* _ACTION ITEM_
Please give back all the records exactly, but keep the pictures out.
━━━━━ INPUT ━━━━━
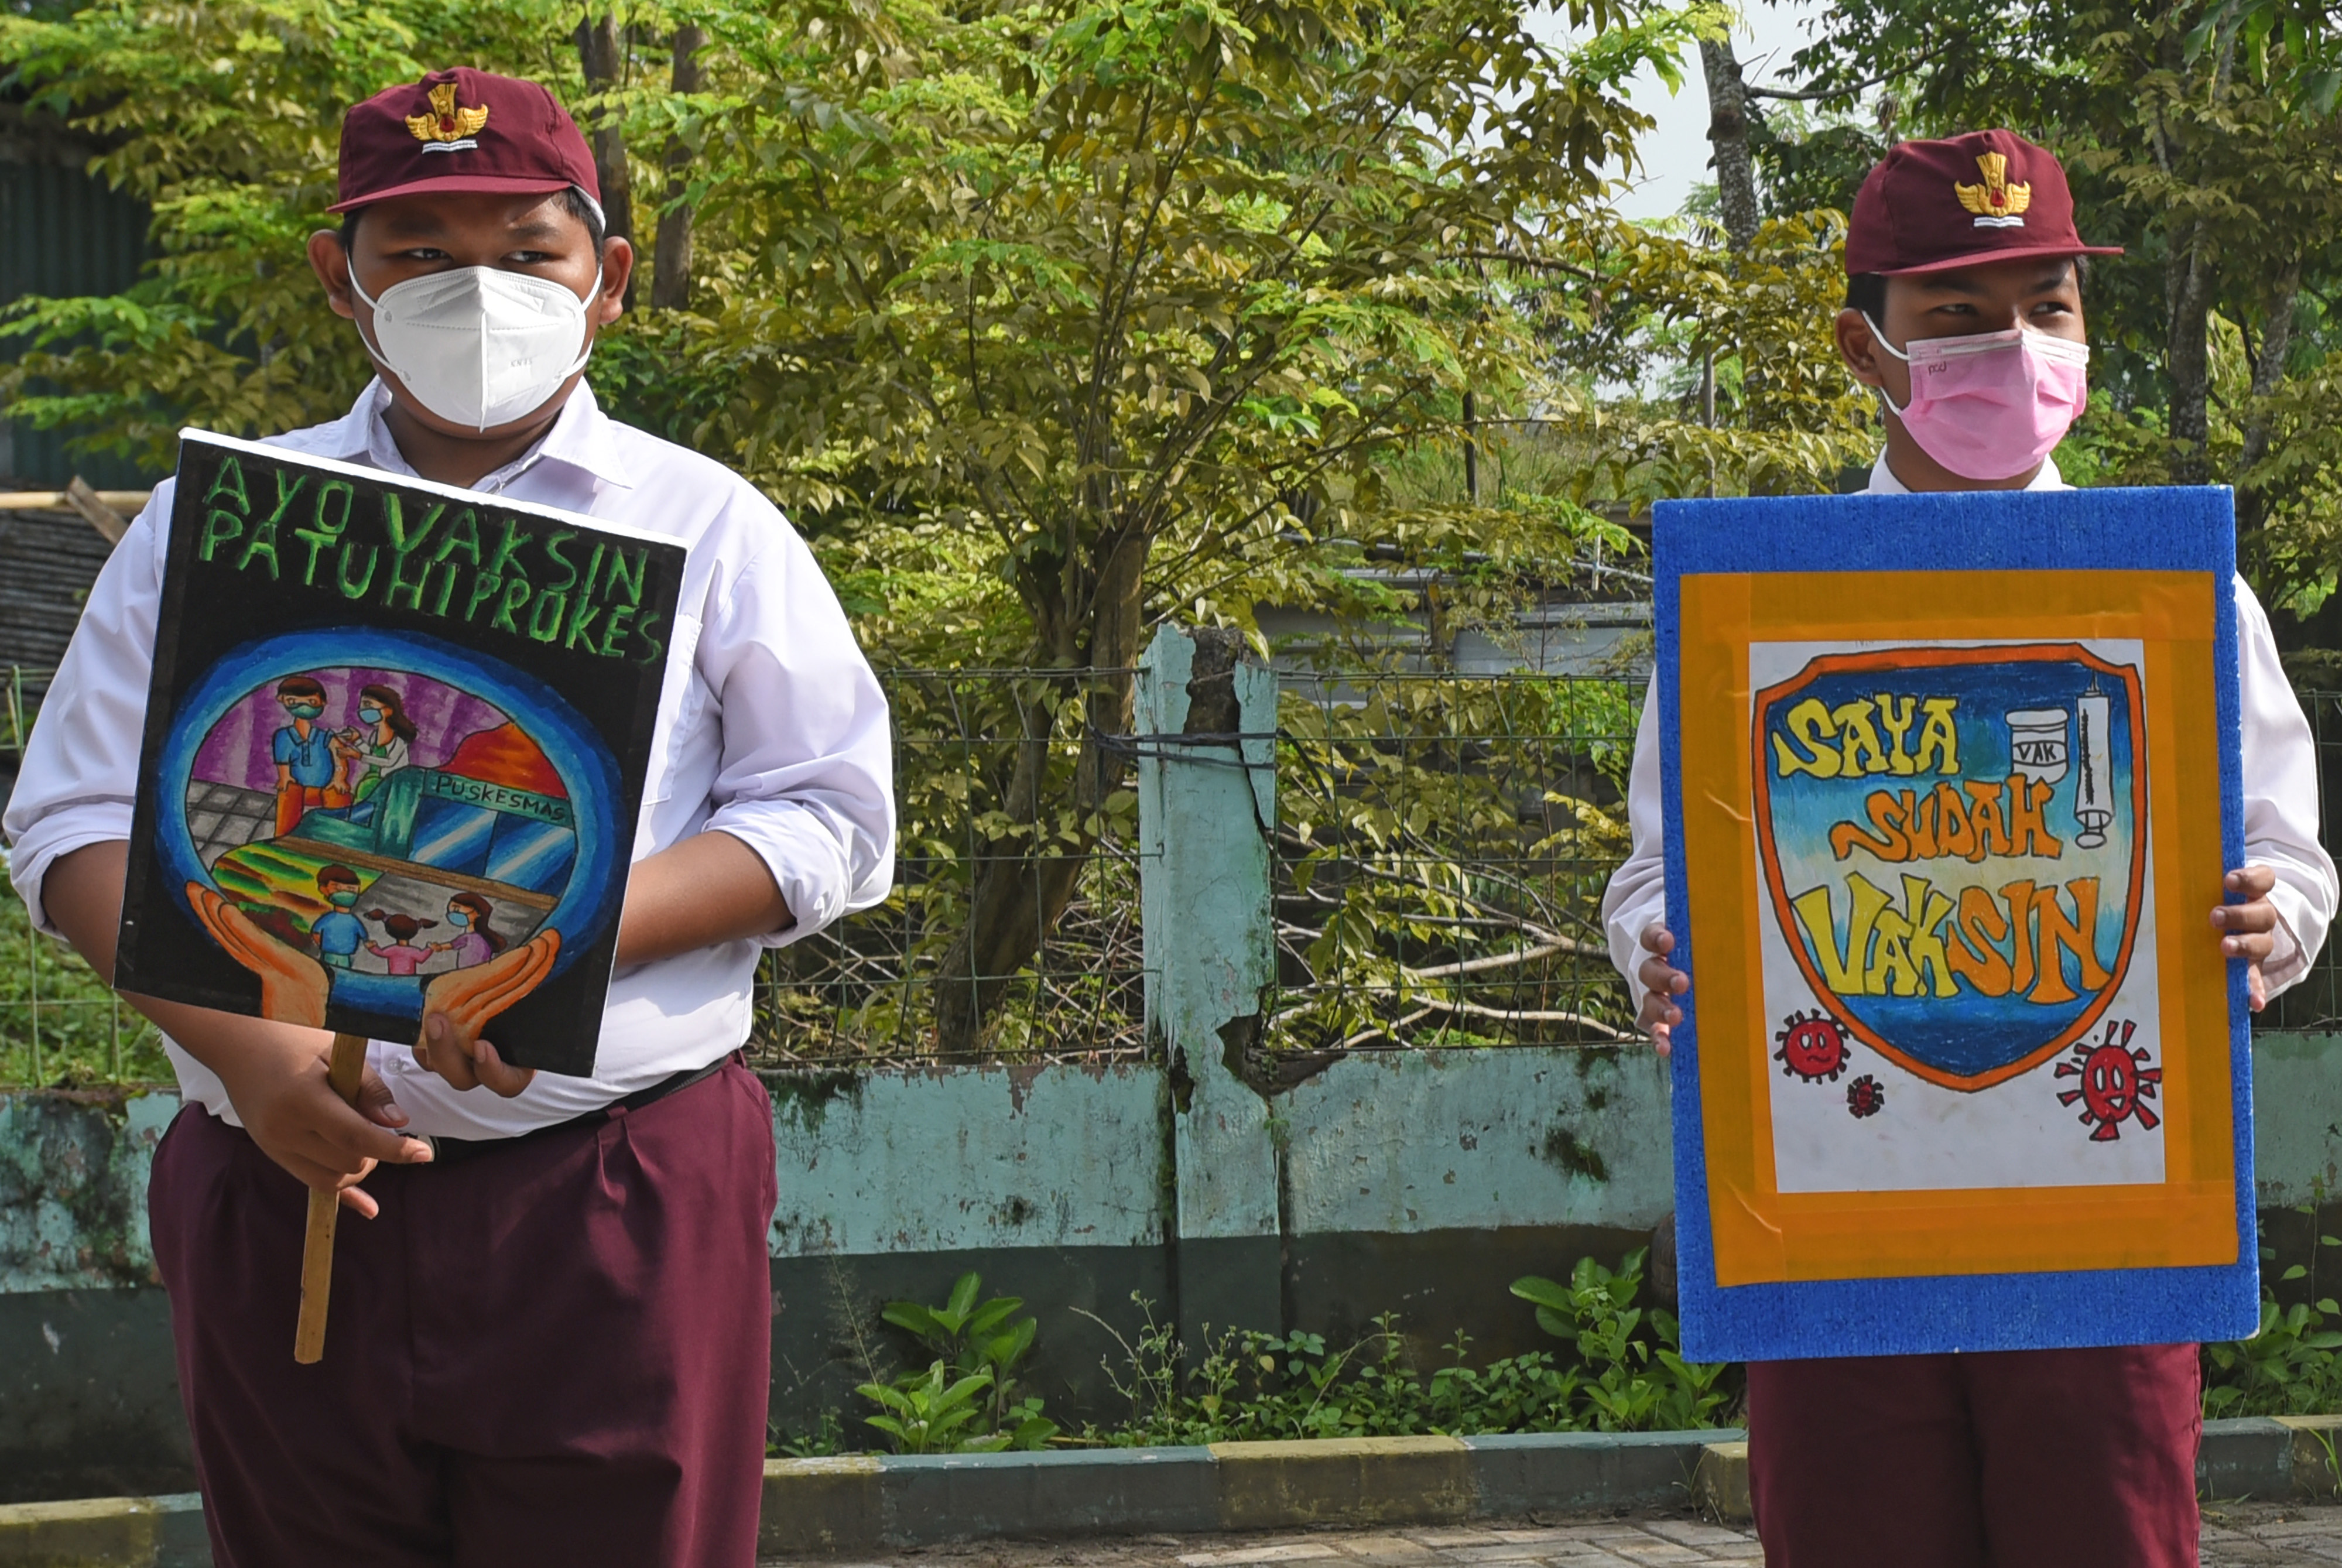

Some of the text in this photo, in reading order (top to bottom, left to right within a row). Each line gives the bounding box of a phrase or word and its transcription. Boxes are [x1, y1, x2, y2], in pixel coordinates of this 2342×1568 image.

[203, 455, 648, 607] AYO VAKSIN
[198, 509, 662, 665] PATUHI PROKES
[1771, 692, 1961, 778] SAYA
[2017, 742, 2056, 763] VAK
[435, 775, 566, 820] PUSKESMAS
[1828, 772, 2062, 864] SUDAH
[1790, 871, 2112, 1004] VAKSIN
━━━━━
* _SOLUTION TO THE EXERCISE_
Some of the text in this photo, in reading order (top to bottom, left to right within a row). Each line gives the bounding box of a phrase or word and its transcription. Boxes are [x1, y1, x2, y2], in pixel coordinates of this 2342×1568 image.

[203, 455, 648, 607] AYO VAKSIN
[198, 509, 662, 665] PATUHI PROKES
[1771, 692, 1961, 778] SAYA
[2017, 742, 2056, 763] VAK
[435, 775, 566, 820] PUSKESMAS
[1828, 772, 2062, 864] SUDAH
[1790, 871, 2112, 1004] VAKSIN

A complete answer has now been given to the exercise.